━━━ GIVEN DATA
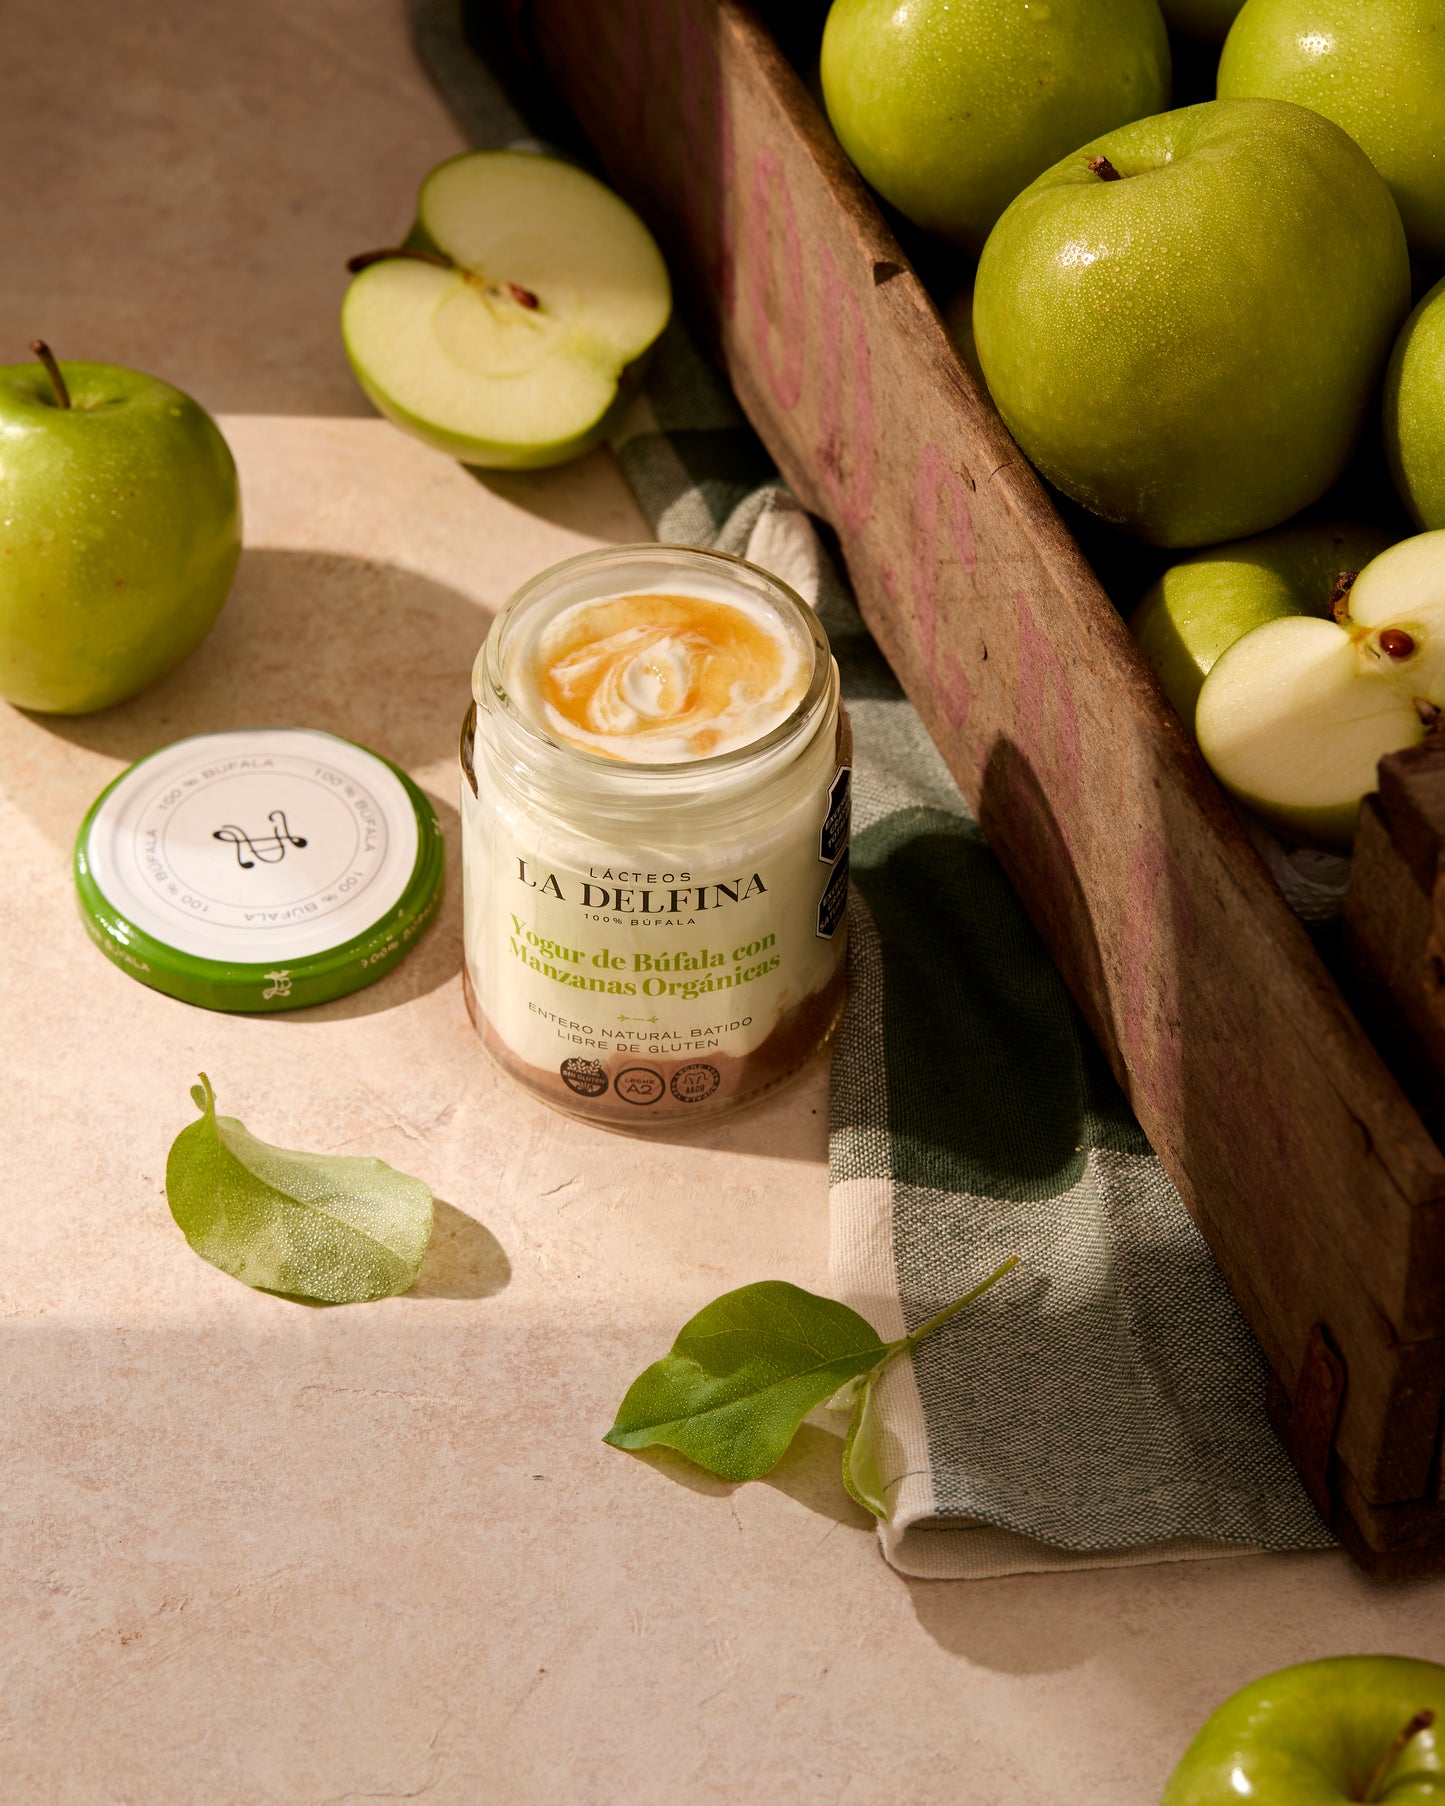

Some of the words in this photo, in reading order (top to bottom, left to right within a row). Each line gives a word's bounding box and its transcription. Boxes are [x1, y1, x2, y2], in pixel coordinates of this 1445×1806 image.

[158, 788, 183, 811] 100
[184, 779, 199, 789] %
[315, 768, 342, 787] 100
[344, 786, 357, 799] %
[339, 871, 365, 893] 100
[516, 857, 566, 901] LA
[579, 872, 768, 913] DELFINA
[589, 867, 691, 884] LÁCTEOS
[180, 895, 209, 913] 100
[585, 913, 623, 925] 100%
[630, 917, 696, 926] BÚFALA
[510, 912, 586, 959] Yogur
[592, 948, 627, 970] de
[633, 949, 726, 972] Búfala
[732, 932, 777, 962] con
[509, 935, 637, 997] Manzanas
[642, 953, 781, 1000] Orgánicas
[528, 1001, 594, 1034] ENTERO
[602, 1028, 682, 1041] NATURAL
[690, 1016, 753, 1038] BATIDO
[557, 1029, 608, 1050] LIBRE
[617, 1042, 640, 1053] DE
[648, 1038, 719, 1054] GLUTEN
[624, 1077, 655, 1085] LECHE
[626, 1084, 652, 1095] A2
━━━━━━
REQUIRED ACTION:
The answer must reproduce every line of the records above exactly, with all pictures left out.

RESULT FOR THIS TASK:
Some of the words in this photo, in reading order (top to bottom, left to right within a row). Each line gives a word's bounding box and its transcription. Boxes are [x1, y1, x2, y2], in pixel coordinates of this 1445×1806 image.

[158, 788, 183, 811] 100
[184, 779, 199, 789] %
[315, 768, 342, 787] 100
[344, 786, 357, 799] %
[339, 871, 365, 893] 100
[516, 857, 566, 901] LA
[579, 872, 768, 913] DELFINA
[589, 867, 691, 884] LÁCTEOS
[180, 895, 209, 913] 100
[585, 913, 623, 925] 100%
[630, 917, 696, 926] BÚFALA
[510, 912, 586, 959] Yogur
[592, 948, 627, 970] de
[633, 949, 726, 972] Búfala
[732, 932, 777, 962] con
[509, 935, 637, 997] Manzanas
[642, 953, 781, 1000] Orgánicas
[528, 1001, 594, 1034] ENTERO
[602, 1028, 682, 1041] NATURAL
[690, 1016, 753, 1038] BATIDO
[557, 1029, 608, 1050] LIBRE
[617, 1042, 640, 1053] DE
[648, 1038, 719, 1054] GLUTEN
[624, 1077, 655, 1085] LECHE
[626, 1084, 652, 1095] A2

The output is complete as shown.